DATA IN THIS EXERCISE:

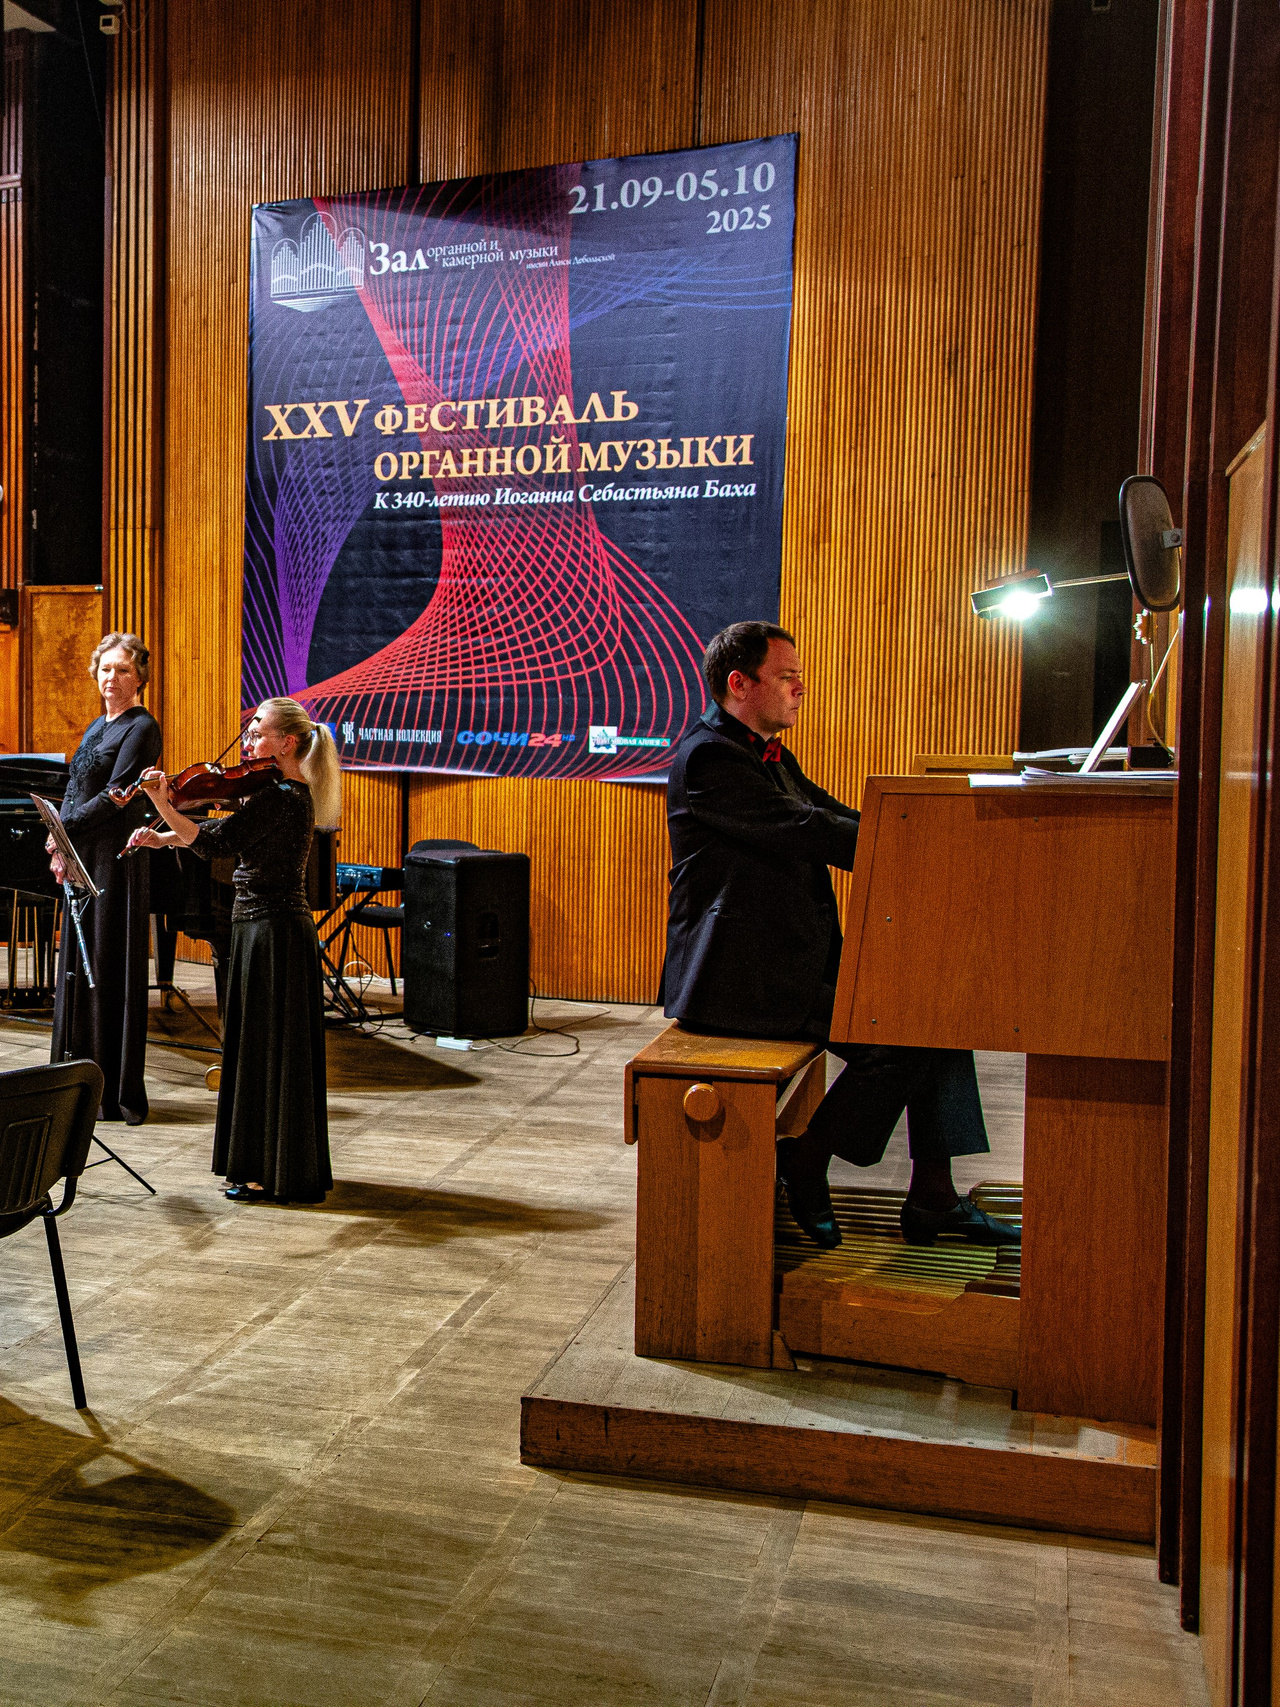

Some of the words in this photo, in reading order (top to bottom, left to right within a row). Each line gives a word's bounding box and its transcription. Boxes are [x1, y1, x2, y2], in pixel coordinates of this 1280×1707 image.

[569, 162, 776, 214] 21.09-05.10
[706, 204, 772, 234] 2025
[369, 241, 429, 275] Зал
[427, 238, 488, 261] органной
[490, 240, 498, 250] и
[442, 248, 504, 269] камерной
[509, 246, 558, 264] музыки
[262, 398, 370, 441] XXV
[373, 390, 639, 436] ФЕСТИВАЛЬ
[373, 434, 572, 482] ОРГАННОЙ
[577, 434, 755, 473] МУЗЫКИ
[373, 492, 390, 509] К
[394, 490, 491, 509] 340-летию
[493, 486, 574, 506] Иоганна
[578, 482, 700, 502] Себастьяна
[702, 479, 757, 498] Баха
[358, 727, 394, 741] ЧАСТНАЯ
[396, 729, 442, 744] КОЛЛЕКЦИЯ

WORK TO BE COMPLETED:
Reproduce the listing verbatim, pictures excluded.

EXERCISE OUTPUT:
Some of the words in this photo, in reading order (top to bottom, left to right within a row). Each line gives a word's bounding box and its transcription. Boxes are [x1, y1, x2, y2], in pixel coordinates of this 1280×1707 image.

[569, 162, 776, 214] 21.09-05.10
[706, 204, 772, 234] 2025
[369, 241, 429, 275] Зал
[427, 238, 488, 261] органной
[490, 240, 498, 250] и
[442, 248, 504, 269] камерной
[509, 246, 558, 264] музыки
[262, 398, 370, 441] XXV
[373, 390, 639, 436] ФЕСТИВАЛЬ
[373, 434, 572, 482] ОРГАННОЙ
[577, 434, 755, 473] МУЗЫКИ
[373, 492, 390, 509] К
[394, 490, 491, 509] 340-летию
[493, 486, 574, 506] Иоганна
[578, 482, 700, 502] Себастьяна
[702, 479, 757, 498] Баха
[358, 727, 394, 741] ЧАСТНАЯ
[396, 729, 442, 744] КОЛЛЕКЦИЯ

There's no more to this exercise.